*Assignment*.
When you reproduce the listing, keep every word as it is and drop the pictures.

- - - -

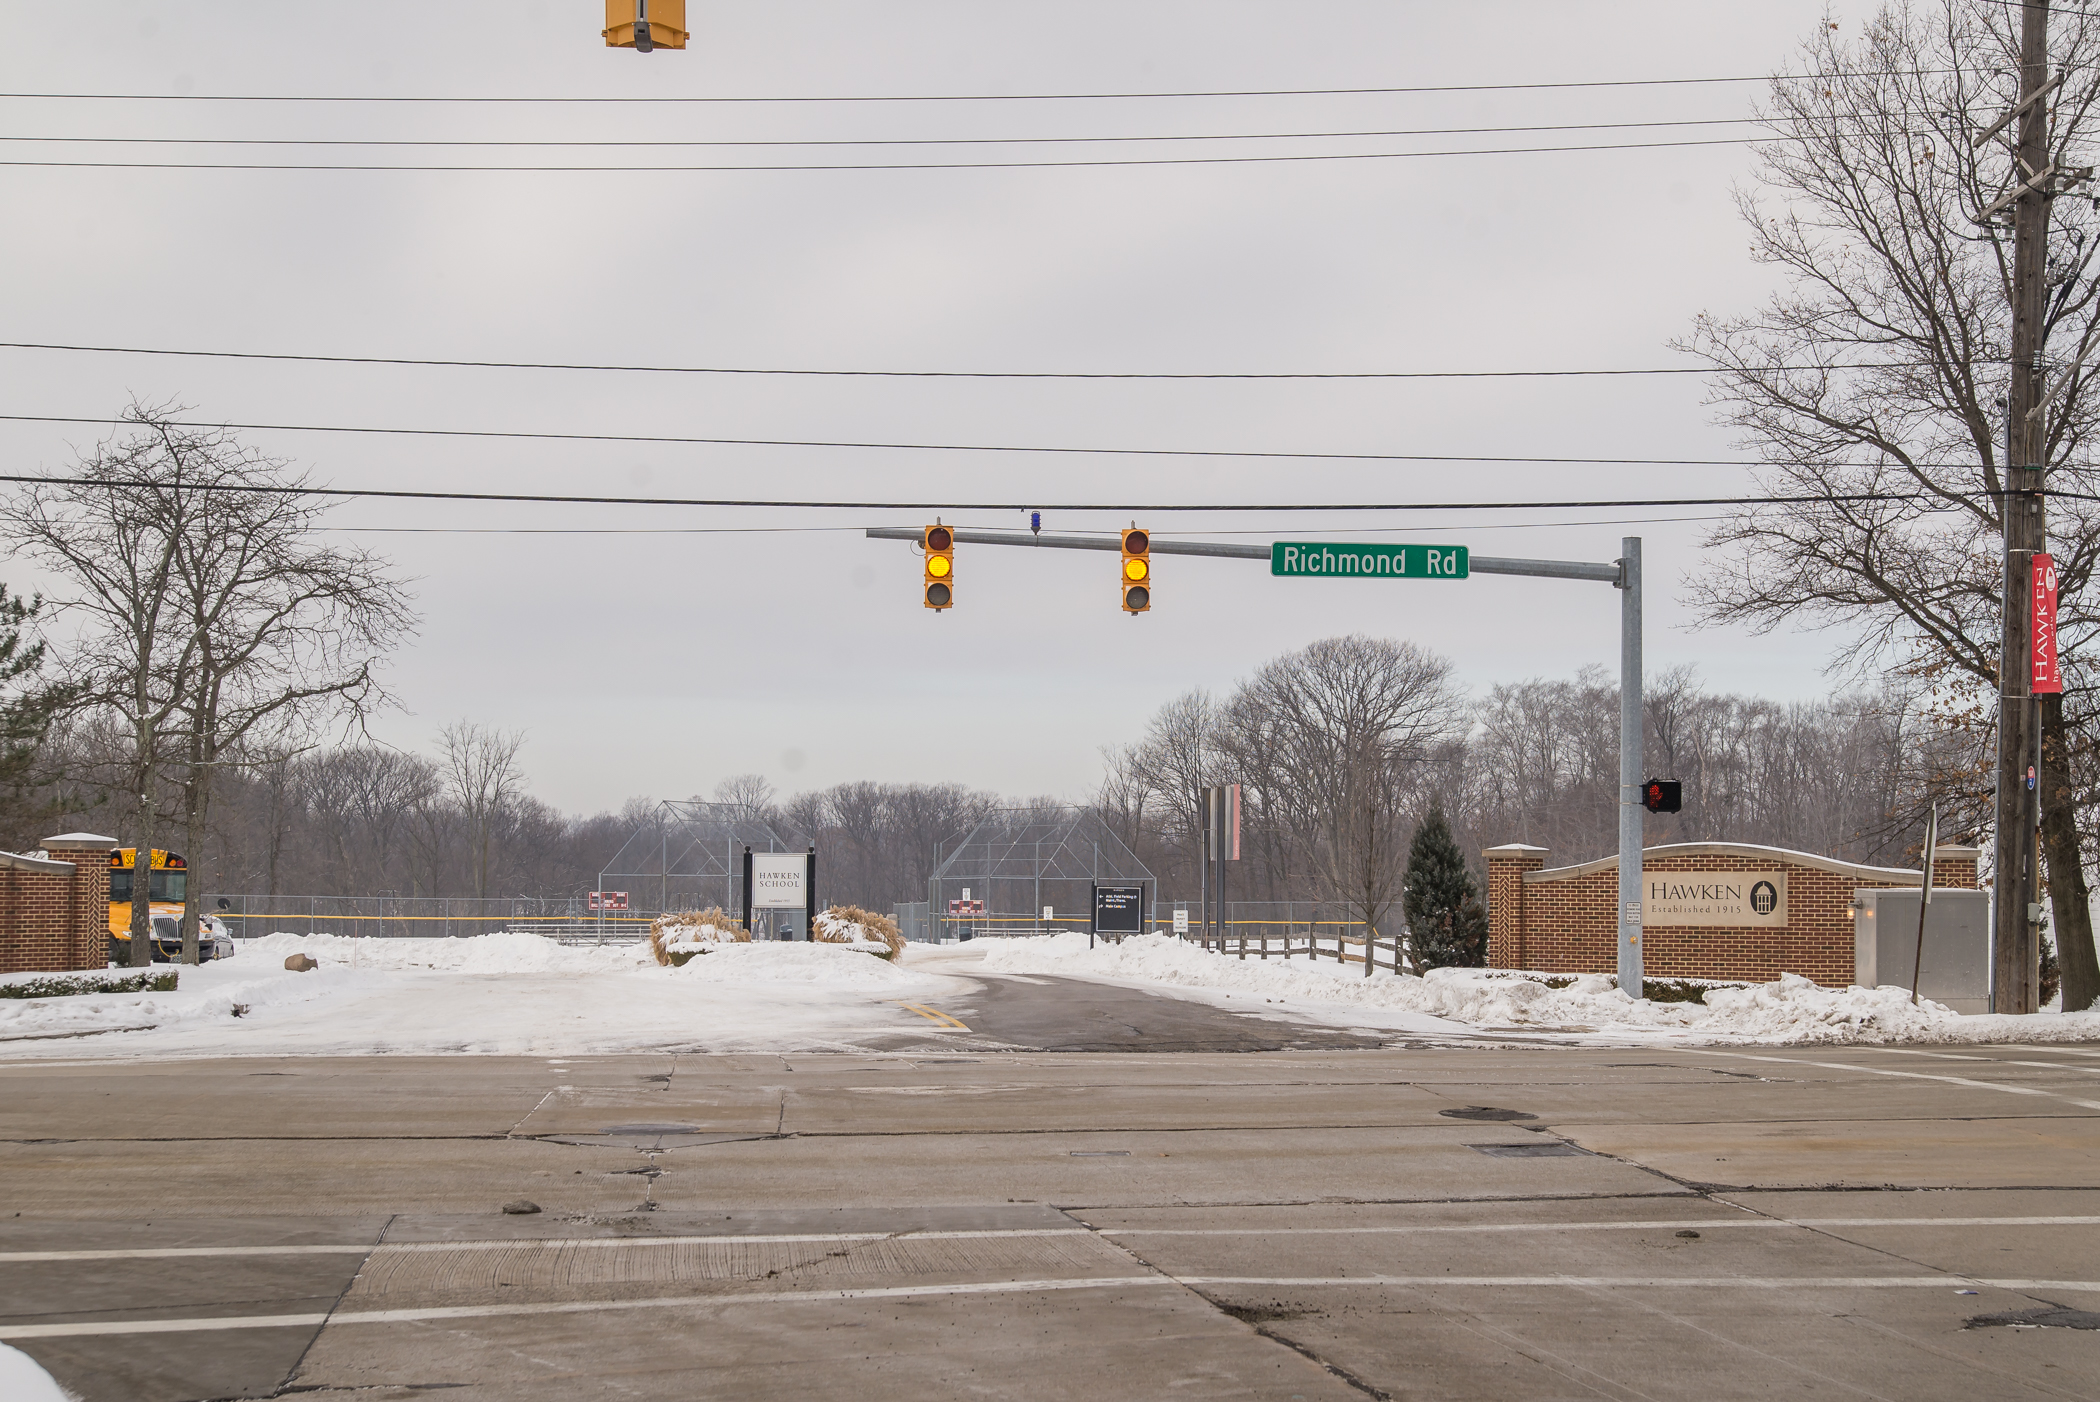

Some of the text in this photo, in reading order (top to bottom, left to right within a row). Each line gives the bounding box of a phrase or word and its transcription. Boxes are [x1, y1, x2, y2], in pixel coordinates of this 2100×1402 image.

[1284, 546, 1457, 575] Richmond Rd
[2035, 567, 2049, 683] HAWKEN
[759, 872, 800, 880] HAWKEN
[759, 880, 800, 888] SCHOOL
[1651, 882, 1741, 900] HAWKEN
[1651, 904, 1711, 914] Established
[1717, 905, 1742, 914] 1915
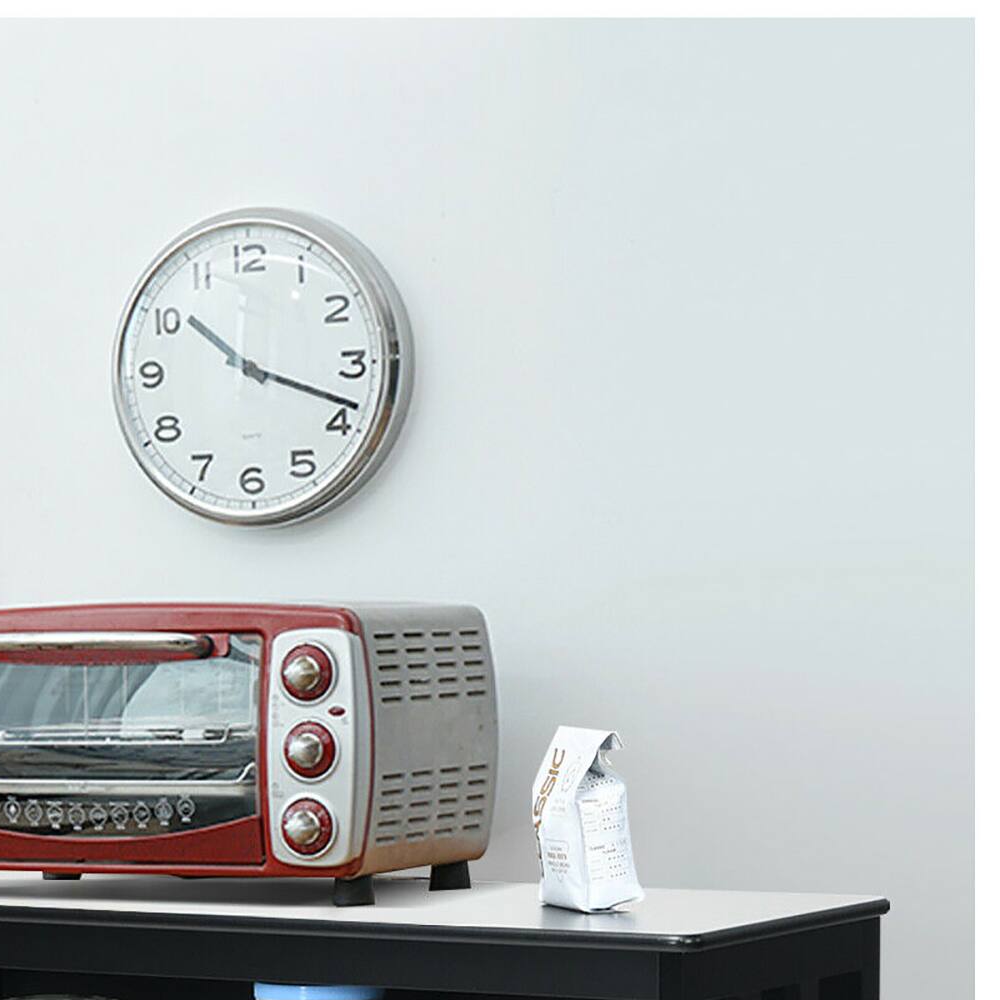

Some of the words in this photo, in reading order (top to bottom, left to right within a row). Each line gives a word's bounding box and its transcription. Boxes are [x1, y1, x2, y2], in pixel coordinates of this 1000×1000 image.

- - - -

*Solution to this problem*.
Some of the text in this photo, in reading order (top to bottom, left to right within a row). Each line gives the bounding box of a phrase or word and its transcription. Boxes are [x1, y1, x2, y2], in pixel coordinates of this 2100×1402 image.

[1284, 546, 1457, 575] Richmond Rd
[2035, 567, 2049, 683] HAWKEN
[759, 872, 800, 880] HAWKEN
[759, 880, 800, 888] SCHOOL
[1651, 882, 1741, 900] HAWKEN
[1651, 904, 1711, 914] Established
[1717, 905, 1742, 914] 1915

Some of the words in this photo, in reading order (top to bottom, left to right within a row). Each line gives a word's bounding box and its transcription. Boxes are [x1, y1, x2, y2], in pixel coordinates of this 1000×1000 image.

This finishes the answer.